An ideologically split Supreme Court ruled Monday that a law school can legally deny recognition to a Christian student group that won't let gays join. [...]
The court on a 5-4 judgment upheld the lower court rulings saying the Christian group's First Amendment rights of association, free speech and free exercise were not violated by the college's decision.
"In requiring CLS -- in common with all other student organizations -- to choose between welcoming all students and forgoing the benefits of official recognition, we hold, Hastings did not transgress constitutional limitations," said Justice Ruth Bader Ginsburg, who wrote the 5-4 majority opinion for the court's liberals and moderate Anthony Kennedy. "CLS, it bears emphasis, seeks not parity with other organizations, but a preferential exemption from Hastings' policy."

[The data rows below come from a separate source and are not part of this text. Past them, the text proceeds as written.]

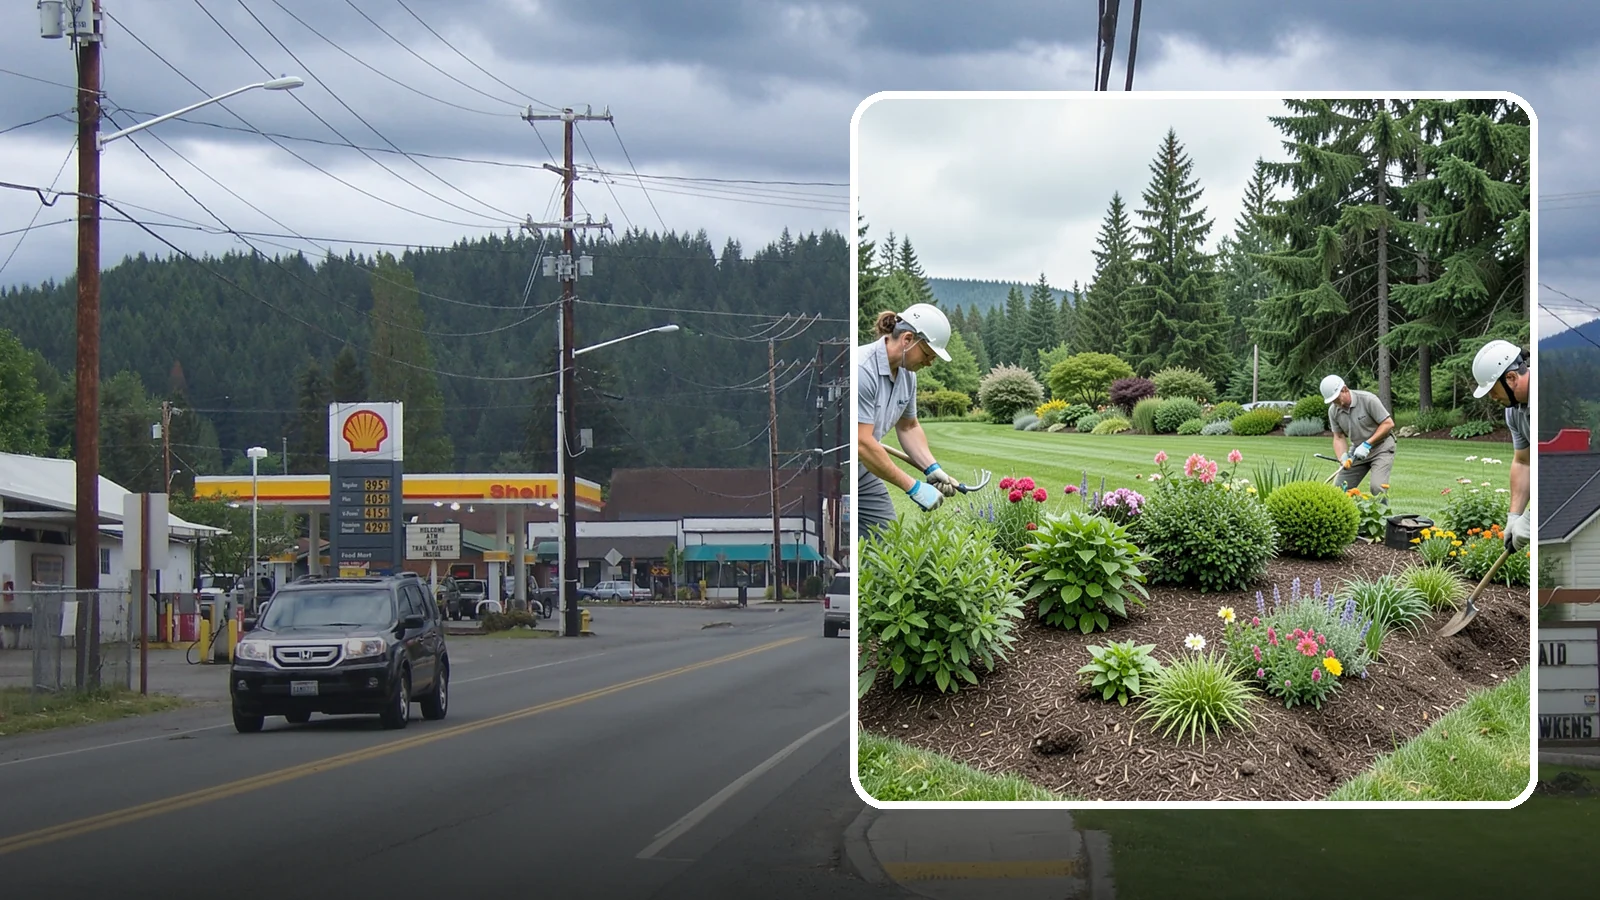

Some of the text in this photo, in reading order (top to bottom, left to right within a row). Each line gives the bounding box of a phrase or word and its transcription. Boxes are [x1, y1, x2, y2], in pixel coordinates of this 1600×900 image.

[365, 480, 384, 490] 395
[490, 484, 547, 499] Shell
[365, 494, 384, 504] 405
[365, 508, 384, 518] 415
[365, 522, 384, 532] 429
[1538, 643, 1567, 665] AID

The court's conservative bloc -- Roberts, Alito, Scalia, and Thomas -- were less than pleased, and their dissent complained bitterly about "freedom of expression" being overridden by "prevailing standards of political correctness in our country's institutions of higher learning."
Many universities feared a ruling in CLS's favor would mandate subsidies for all kinds of fringe and extremist groups, and the decision may likely create new rules for campus groups nationwide.
It should generate a significant religious right freak-out.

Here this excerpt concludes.